Partnership update : June 2019

The WERG descends on Novatech Conference
Eight members of the Waterways Ecosystem Research Group (WERG) are travelling to Lyon (France) to participate in the 10th edition of the Novatech Conference (1-5 July). Novatech is an internationally recognised event that promotes strategies and solutions for integrated and sustainable water management in the city. Members of the WERG will deliver (or co-present) 5 oral and 3 poster presentations relating to the research projects of the Waterways Research Partnership. WERG researchers will also lead the one day workshop: Urban Water Monitoring, where they will share their experience (and seek advice) on topics like: the use of thermal cameras for looking at groundwater fluxes; building weirs to measure flows in small open waterways and the best ways to measure flow in steeply graded pipes.

Wetland Monitoring site selection complete
Project B3: Constructed Wetlands has completed a critical foundation step. After a huge effort to review and assess the ‘as-constructed’ drawings for 77 wetlands, 26 sites have now been chosen for this monitoring study. The next phase of the project is to purchase and deploy water level sensors at all 26 sites. The project involves a strong collaboration with A3P, who are currently preparing a literature review: “Stormwater wetland performance indicators: a review of current and emerging methods and techniques”. At its conclusion, Project B3: Constructed Wetlands hopes to develop indicators of wetland treatment performance. Further details on this projects can be found under Research Projects/Active. Any Melbourne Water employee interested in participating in this project is encouraged to contact either Rachael Bathgate or Rhys Coleman.

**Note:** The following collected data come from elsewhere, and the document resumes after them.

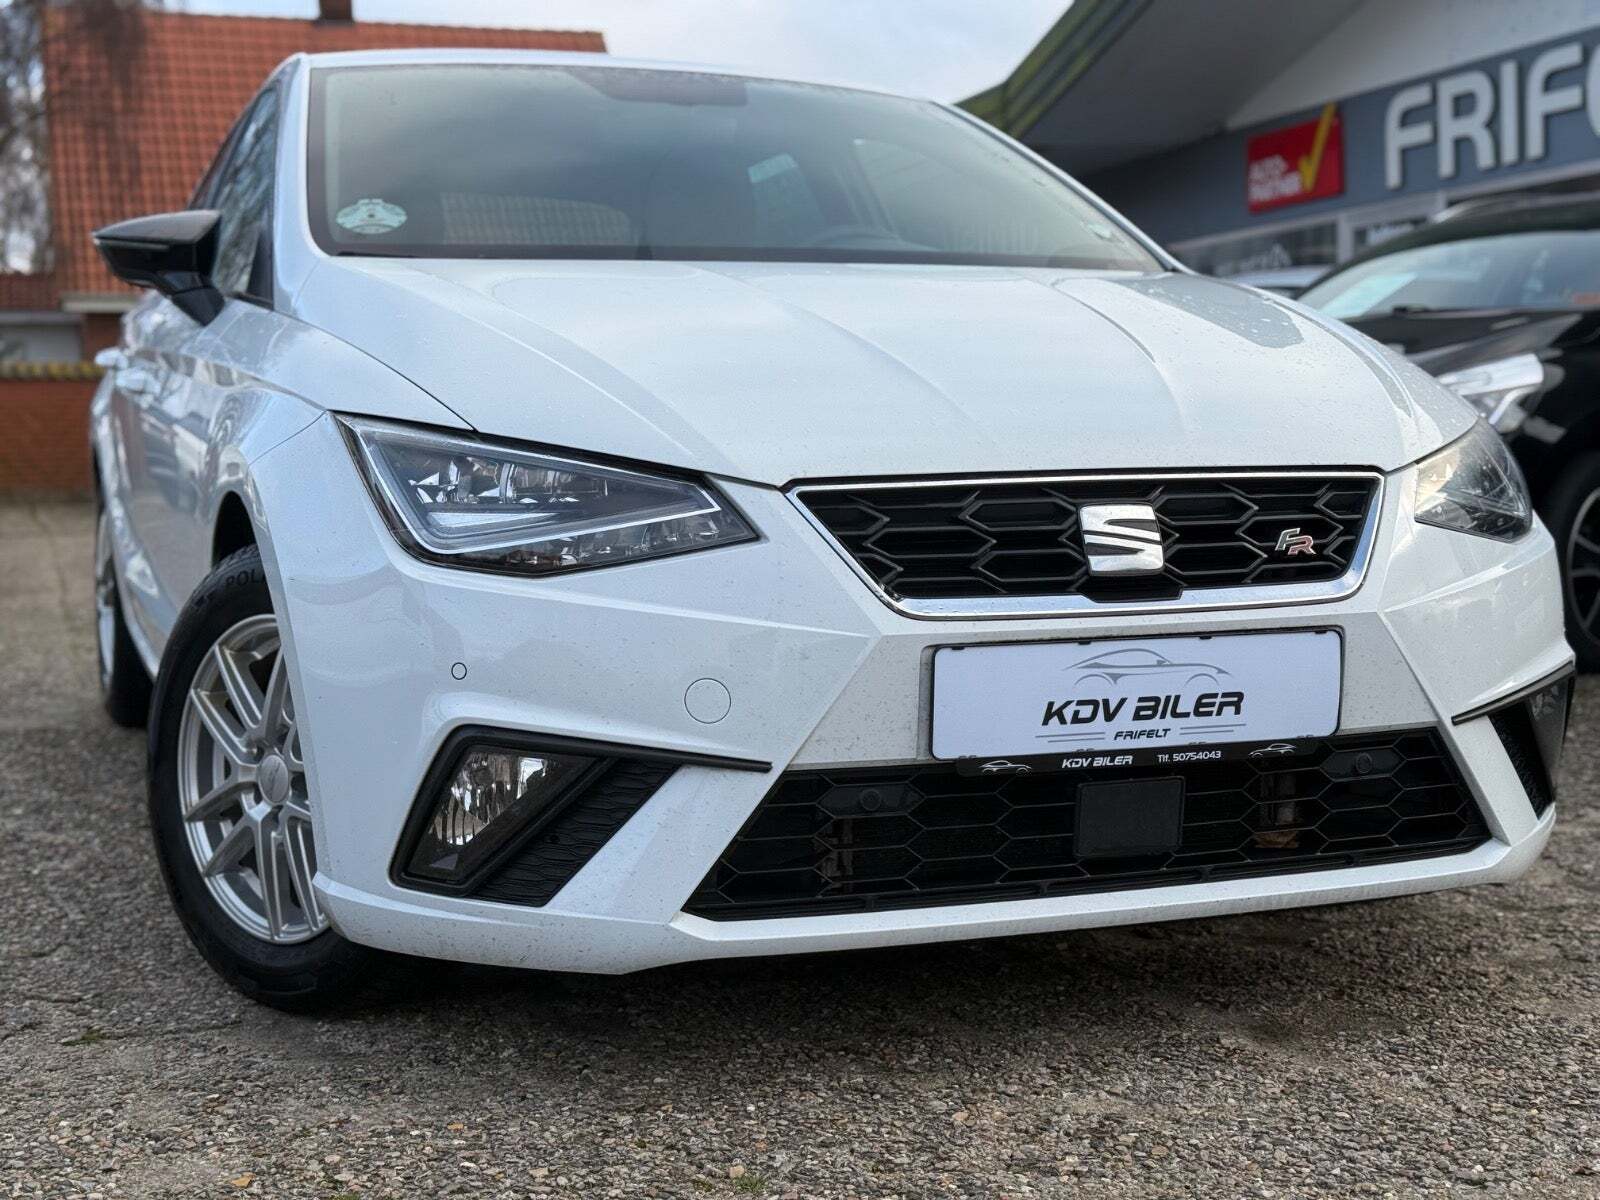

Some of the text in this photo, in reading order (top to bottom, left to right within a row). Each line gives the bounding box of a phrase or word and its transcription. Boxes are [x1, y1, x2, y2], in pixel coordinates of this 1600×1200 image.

[1385, 42, 1600, 191] FRIF
[1275, 527, 1317, 555] FR
[1041, 691, 1245, 726] KDV BILER
[1113, 728, 1171, 741] FRIFELT
[1061, 755, 1133, 769] KDV BILER
[1172, 750, 1222, 762] 50754043

Researchers from the WERG investigate an outlet pit at the Fulton Road Wetland, discussing the best location for logging equipment.

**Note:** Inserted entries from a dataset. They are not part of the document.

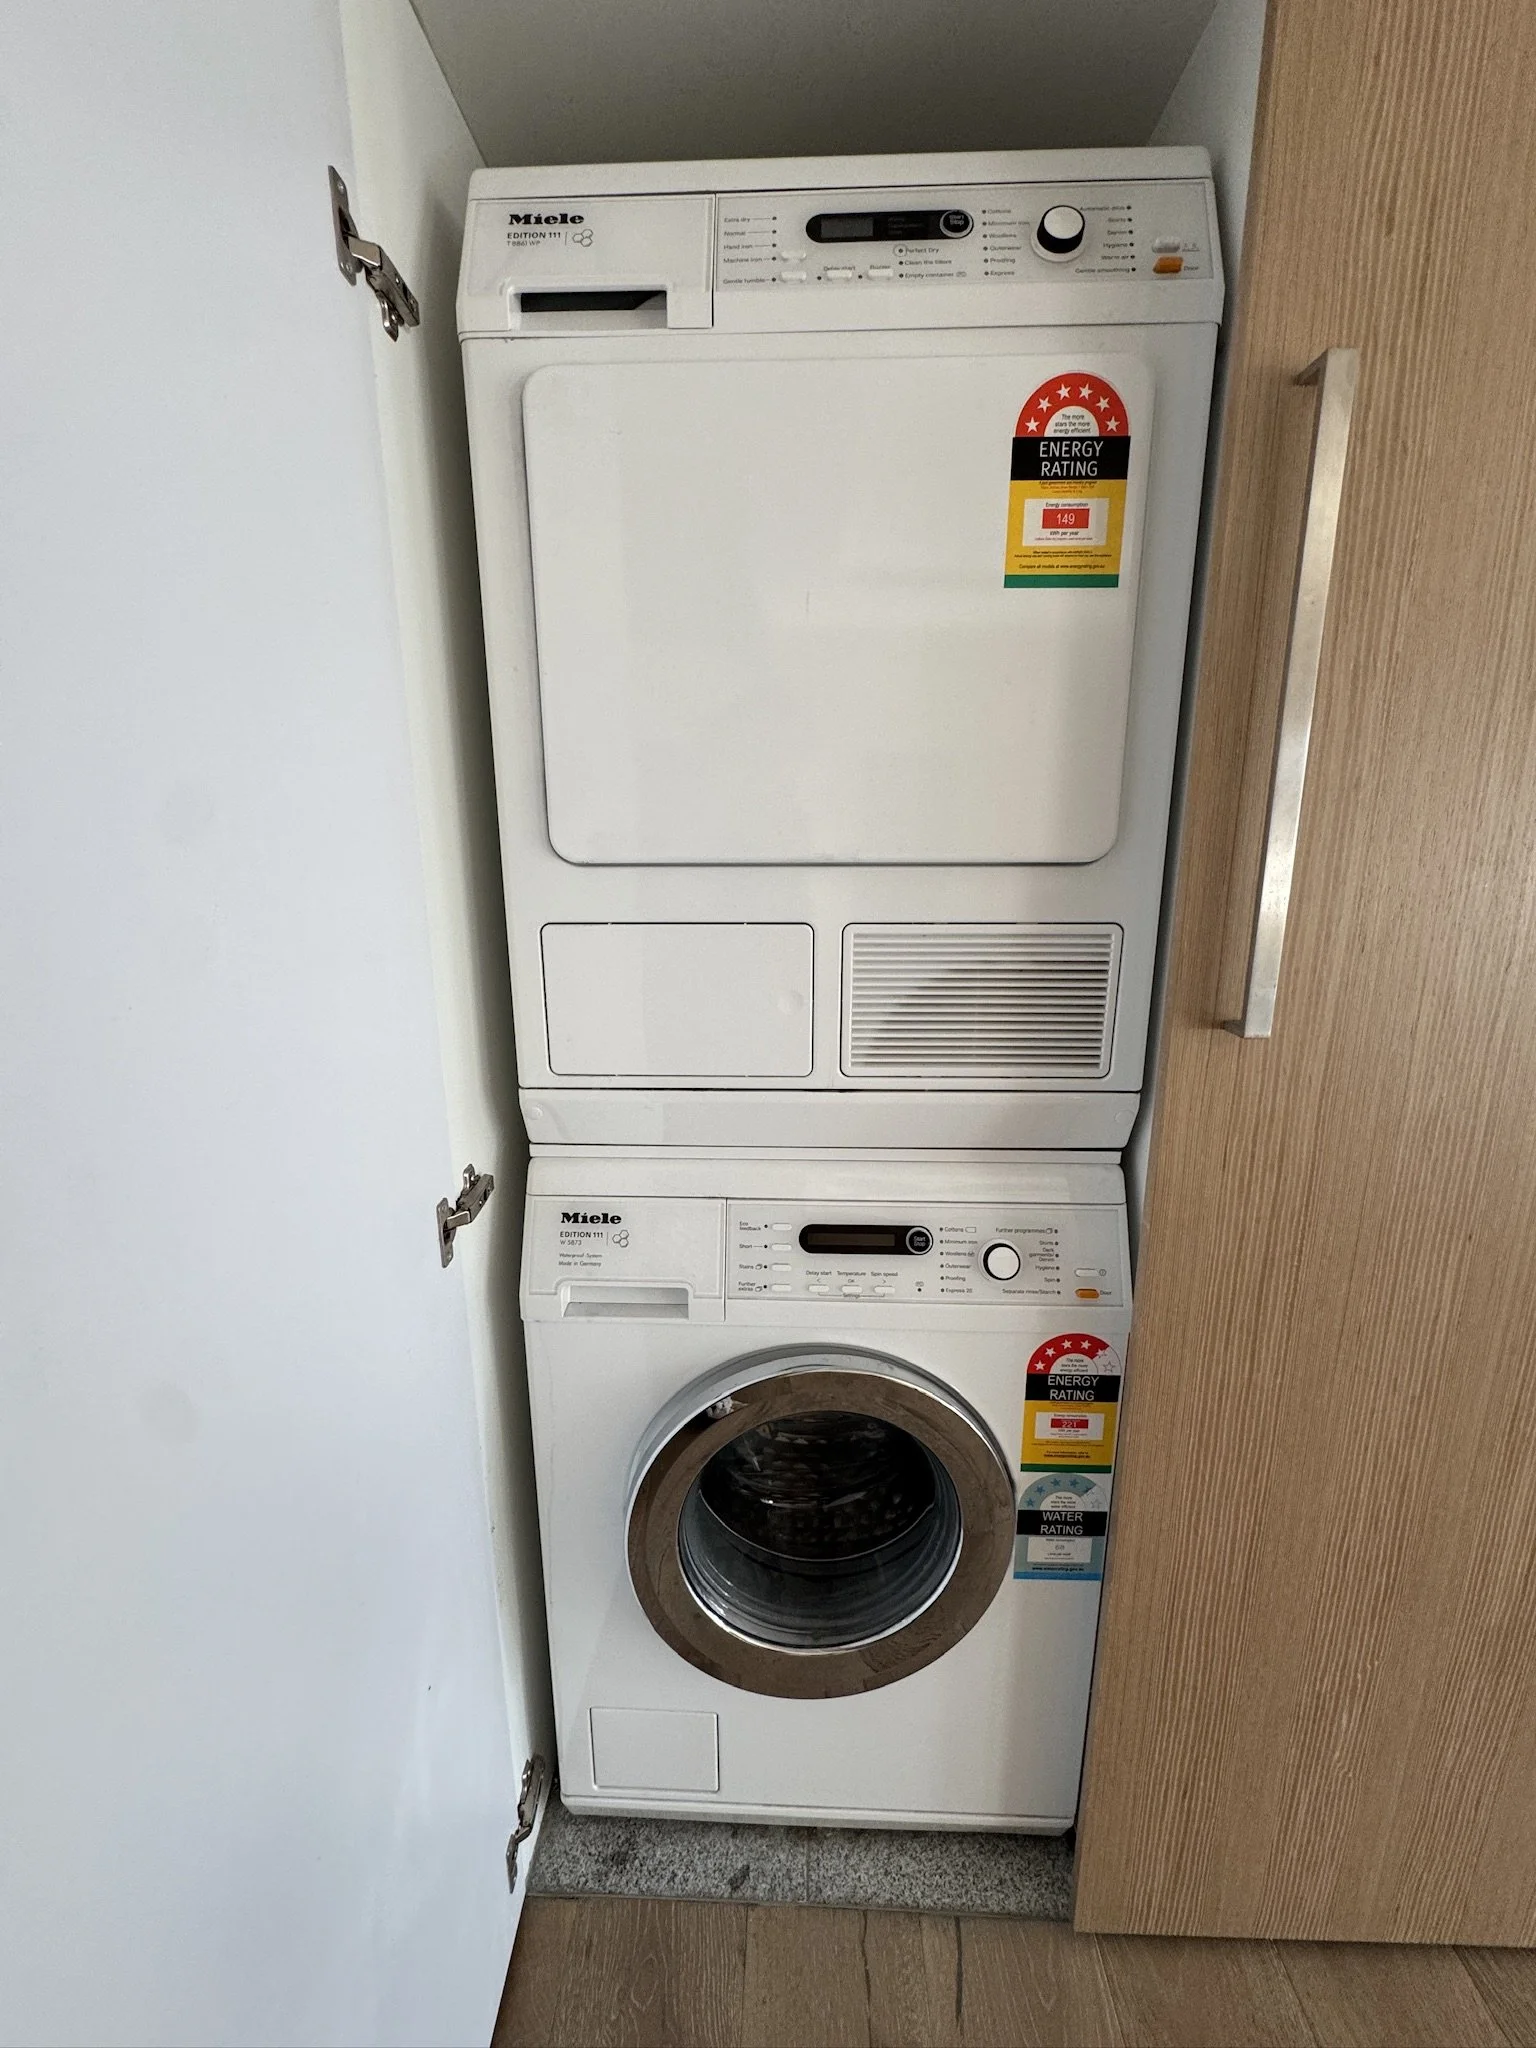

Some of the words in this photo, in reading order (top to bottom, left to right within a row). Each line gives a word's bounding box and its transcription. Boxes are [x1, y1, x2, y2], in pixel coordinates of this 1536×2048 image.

[508, 213, 584, 225] Miele
[1040, 441, 1104, 457] ENERGY
[1041, 461, 1098, 476] RATING
[1057, 513, 1075, 525] 149
[561, 1212, 622, 1224] Miele
[1048, 1375, 1099, 1386] ENERGY
[1050, 1390, 1095, 1400] RATING
[1042, 1512, 1083, 1522] WATER
[1040, 1525, 1083, 1535] RATING

Long term protection for Little Stringybark Creek.
The Environmental Significance Overlay (ESO) for the catchment of Little Stringybark Creek is now a permanent planning control, with the corresponding planning scheme amendment gazetted in May. The process to have this protection made permanant has been a long and involved, starting with a pilot program in 2013. The ESO ensures that any new development in the catchment, greater than 10m2, meets a minimum standard of stormwater control. Congratulations to all those involved in achieving this goal.

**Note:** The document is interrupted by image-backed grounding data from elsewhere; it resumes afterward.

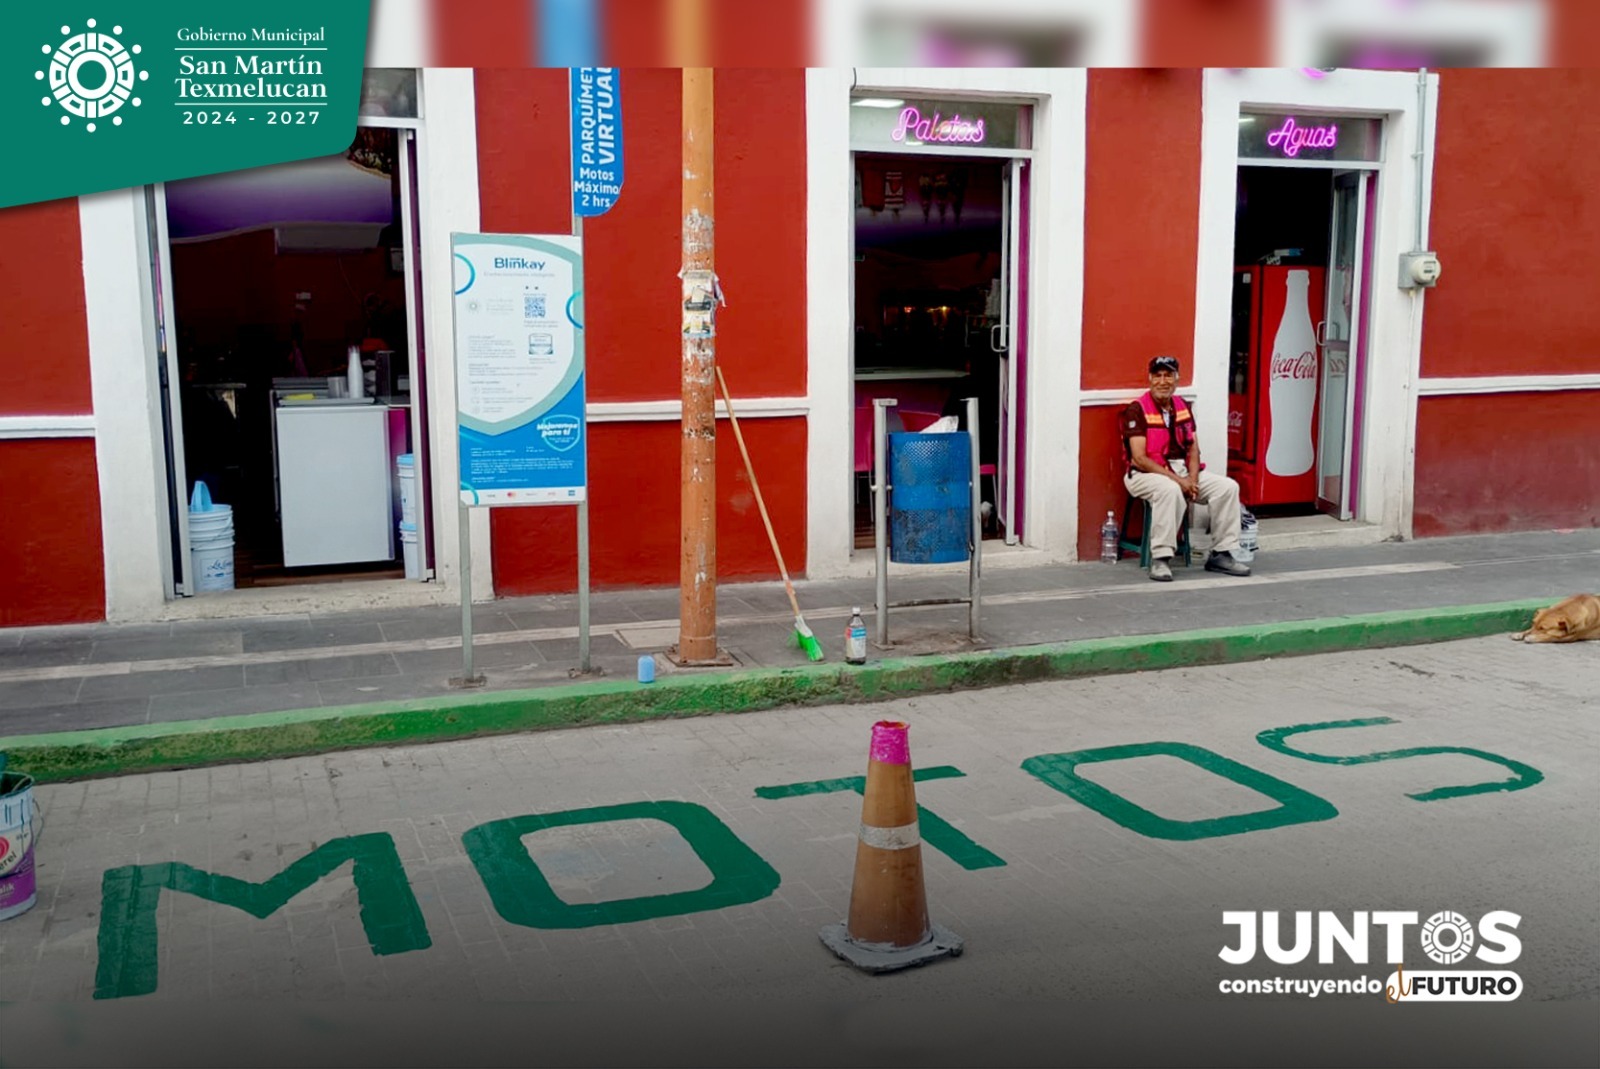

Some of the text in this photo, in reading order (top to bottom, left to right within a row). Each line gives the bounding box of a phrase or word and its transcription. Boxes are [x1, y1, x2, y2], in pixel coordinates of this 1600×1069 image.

[892, 107, 985, 142] Paletas
[1267, 118, 1338, 156] Aguas
[580, 168, 615, 181] Motos
[574, 180, 620, 195] Máximo
[582, 195, 610, 207] 2 hrs
[494, 257, 546, 270] Blinkay
[93, 717, 1544, 1000] MOTOS

Partnership update : January 2019

Waterway Physical Form Training
Staff from Melbourne Water recently participated in a two day training event to learn more about the physical form of waterways, and how to protect, manage and restore for stream health. The two-day program was coordinated by the MWRPP and included a mix of theory, practical exercises and a full day in the field. The course was well received, with over 20 participants, all of whom reported they learnt a lot that was directly applicable to their roles in Melbourne Water. It is likely that the course will be run again soon, so contact Rachael Bathgate or Darren Bos to register your interest.

New Research Program
What are the critical assumptions between Melbourne Water interventions and environmental condition? How do sediments move within a catchment? How well are privately owned rainwater tanks managed? These questions, along with many others, will form the basis for a suite of new research projects for the waterway-research partnership. Melbourne Water and The University of Melbourne have agreed to a collaborative research program for 2018/19, with 17 projects receiving joint funding from both organisations (approx. $4m). The full list of projects can be found under Research Projects/Active, along with a summary of their research directions and proposed outcomes. Any Melbourne Water employee interested in participating in a research project(s) are encouraged to contact either Rachael Bathgate or Rhys Coleman.

New Research Note
How does the local community in Sunbury interact with and perceive local waterways in the present and potential form? This was a principal question of research in the latest Research Note produced by the partnership. This two-page summary (found here) highlights the wide range of value attributes identified by the community and possible discrepancies between their perceptions and those of management agencies.

Partnership update : June 2018

Pumping works @ Yellingbo
Following successful trials early this year, a full season of environmental pumping is now planned at Yellingbo Nature Reserve in Jan-Apr 2019. The pumping will help researchers deduce how changes in the local hydrology have impacted on Threatened EVCs. More details on the project can be found in the project summary or the latest project update.

Partnership renewed
We are excited to report that the The University of Melbourne and Melbourne Water have signed another five-year Partnership agreement. This will see our collaborative research continue until June 2023. Work is well underway to develop a new suite of research projects to be delivered over the next five years. Feedback is now being sought on a shortlist of 23 research ideas that respond to Melbourne Water’s Key Research Areas. Contact Rhys Coleman or Rachael Bathgate if you’d like to see and/or comment on the list.

Engagement awards for the MWRPP and Little Stringybark Creek Project
The MWRPP has been acknowledged for its collaboration with industry, winning the University of Melbourne’s “Award for Excellence in Industry-Engaged Research”. The Little Stringybark Creek Project was also acknowledged, winning the “Award for Excellence in Engagement – Research”. The prize money from both awards will be used to support additional research through the partnership.